The Last Letter from your Lover - Jojo Moyes (Viking, 2011)


One of the reasons I feel blessed to be a reader is for the feeling you get when you come across a book that makes you so pleased to be reading it. It may be romantic, or exciting, or heartwarming, or tear-jerking. But whatever it is, you are glad that the book exists, and that you exist and are able to read it.


All of which is a rather over-the-top way to say that I really loved this book. I am all about the British romances, apparently.


Story, in brief: in October 1960, Jennifer Stirling wakes up in a hospital, her memory essentially gone. She tries to return to upper-class life with a husband she feels is a stranger ... and then finds a letter. She had been having an affair, and now much begin a mad search to determine the identity of her lover, the trajectory of their love, and what her husband and friends may have known. 

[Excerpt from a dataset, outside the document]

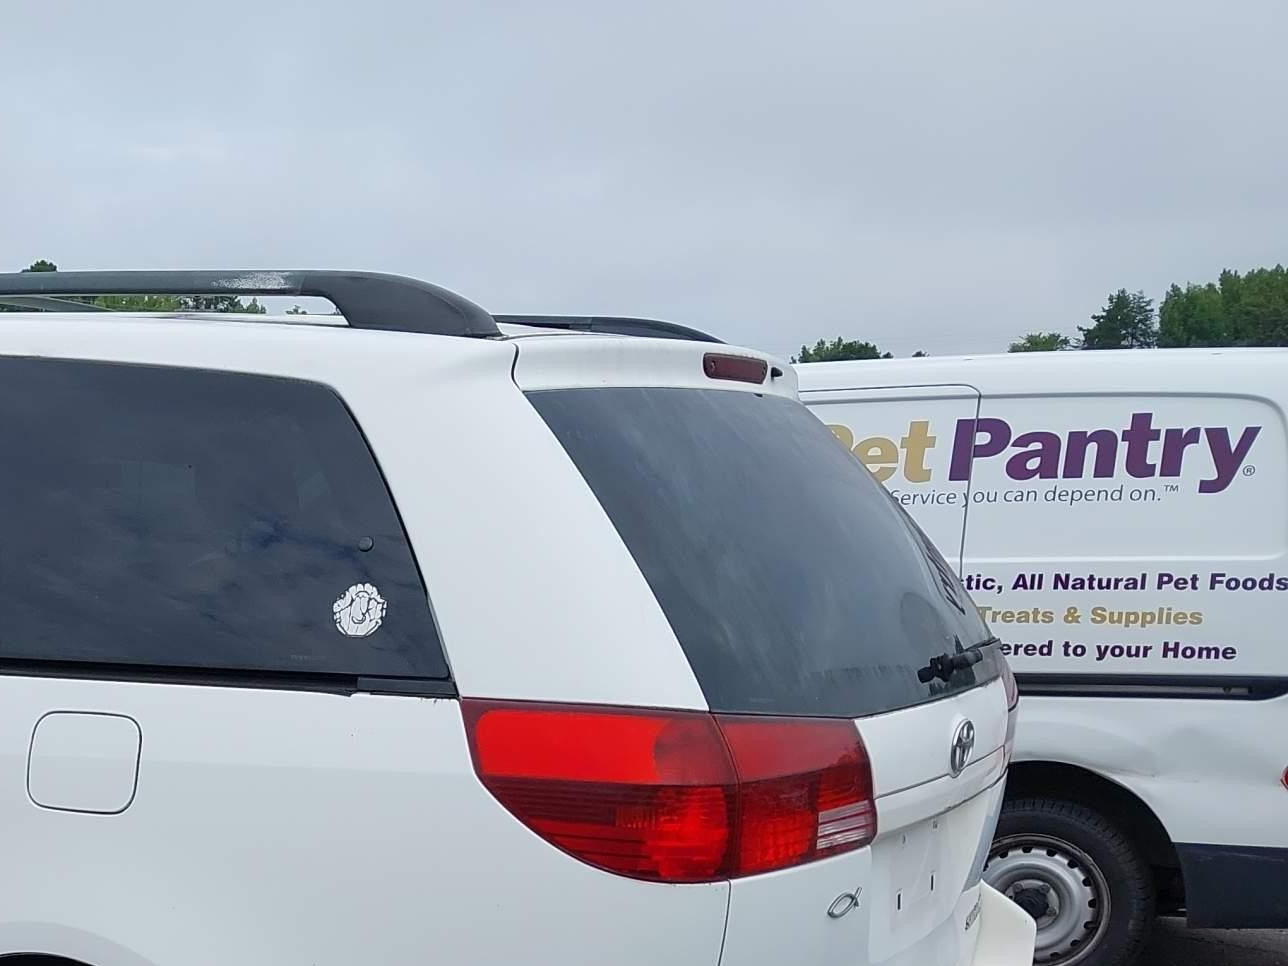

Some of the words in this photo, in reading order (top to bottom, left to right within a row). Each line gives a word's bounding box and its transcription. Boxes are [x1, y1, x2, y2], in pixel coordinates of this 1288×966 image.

Interspersed are flashbacks just a few months, to when she met the man behind the letters, all from his point of view. How he found himself desperately in love with someone who should have been only a conquest. And then time moves forward.

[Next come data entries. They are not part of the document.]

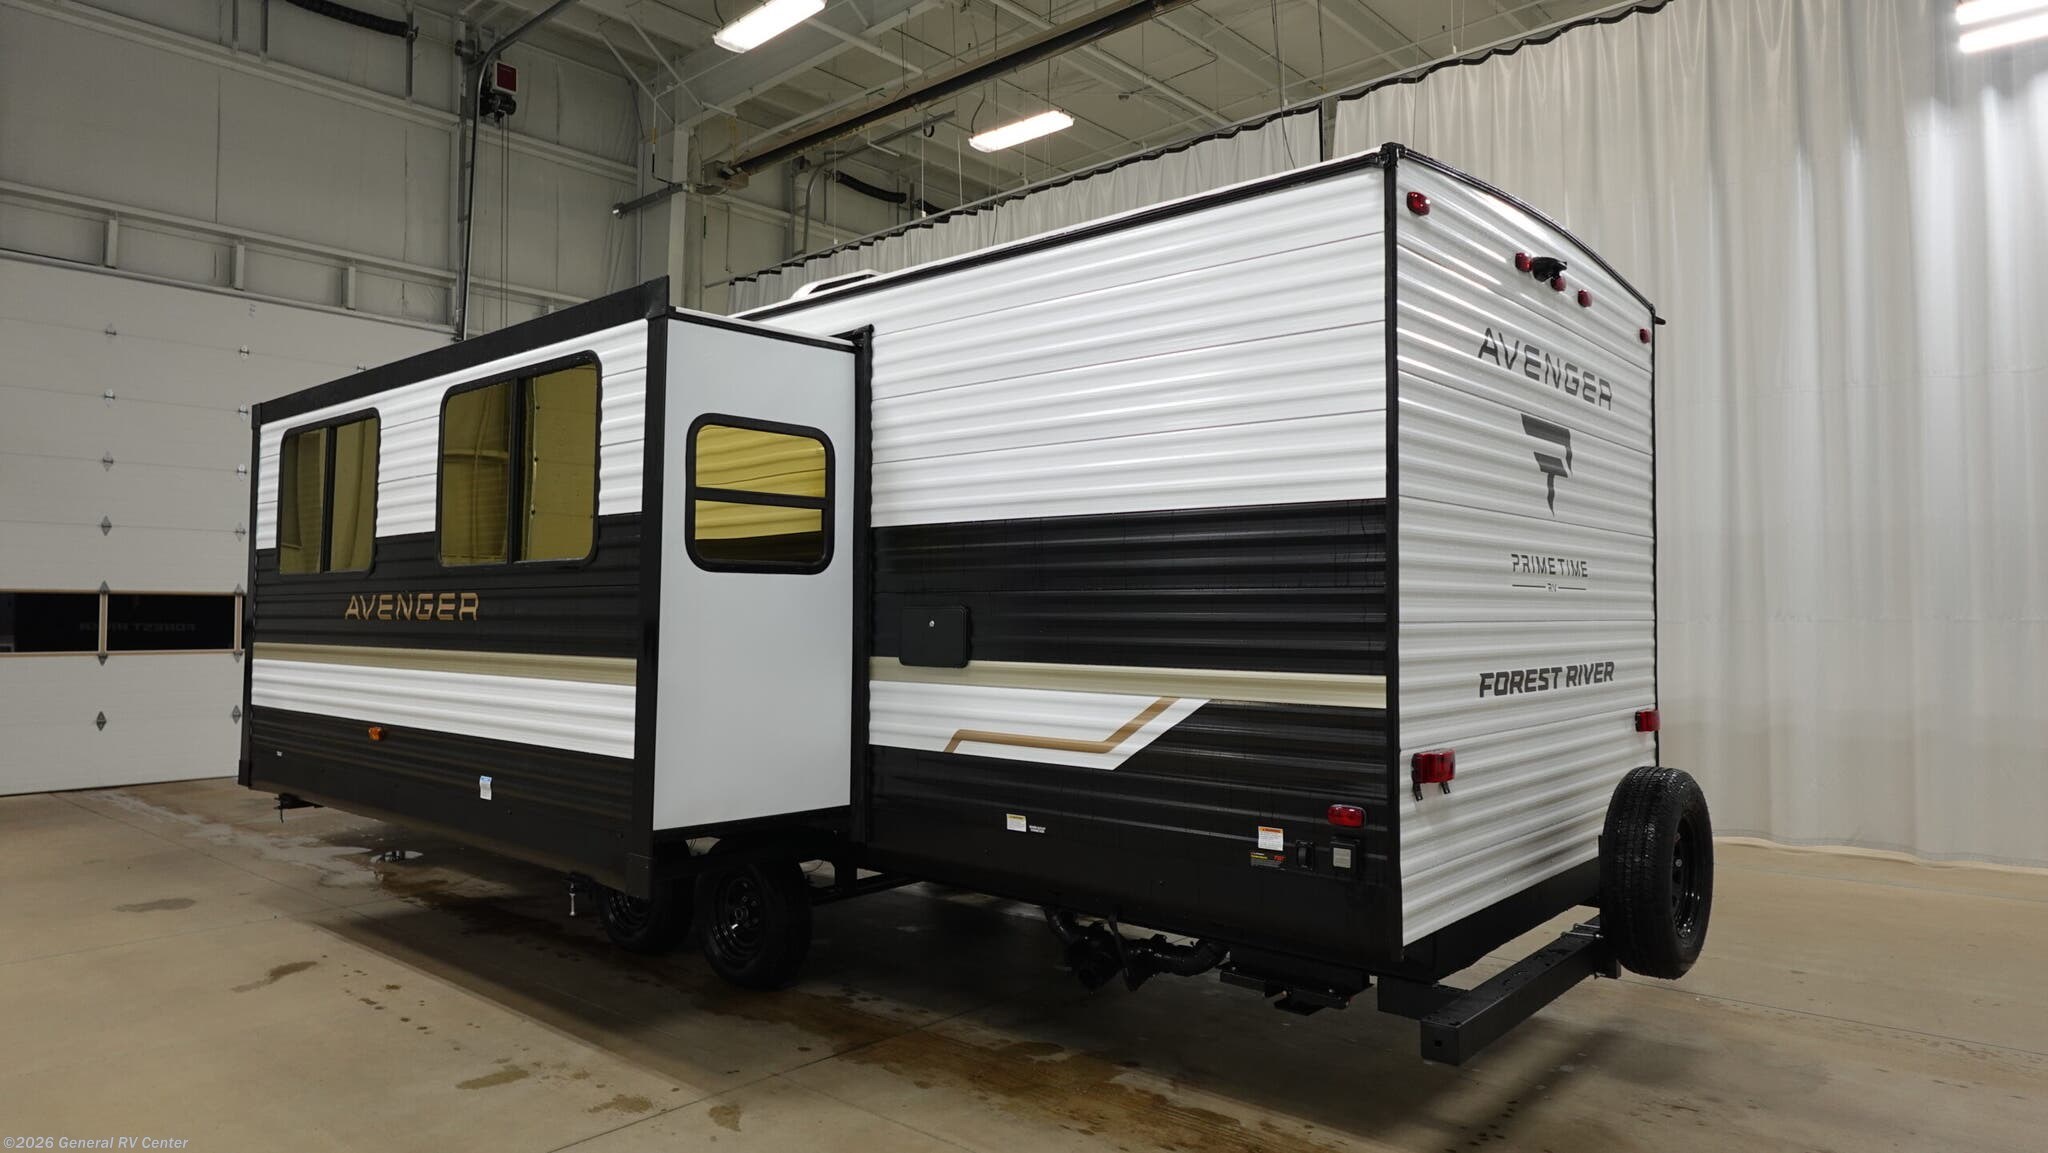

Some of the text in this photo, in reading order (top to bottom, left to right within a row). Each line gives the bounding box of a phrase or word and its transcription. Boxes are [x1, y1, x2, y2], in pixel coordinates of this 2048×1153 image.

[1478, 327, 1613, 411] AVENGER
[1511, 553, 1588, 578] PRIMETIME
[1547, 583, 1557, 592] RV
[344, 592, 480, 621] AVENGER
[1479, 661, 1615, 698] FOREST RIVER

And then time moves dramatically forward, to 2003. Ellie, a reporter whose own "all-consuming" love affair threatens to wreak havoc on her career, finds a cache of these letters. For reasons both professional and personal, she sets out to discover what became of Jennifer & B. 


The earlier story is the more compelling, and I wouldn't blame any reader who wanted to take Ellie and shake her for being just like any other British chick lit heroine. But that is unkind, and not entirely true. (And also kind of okay, b/c this reader loves [most] British chick lit.) And Moyes does two things that I adore. The first is making a romantic hero of the librarian. (Thank you!) The second is entwining the two stories such that the resolutions of each are entirely bound up in one another.


If I only read novels like this, I'd be pretty darn close to perfectly content.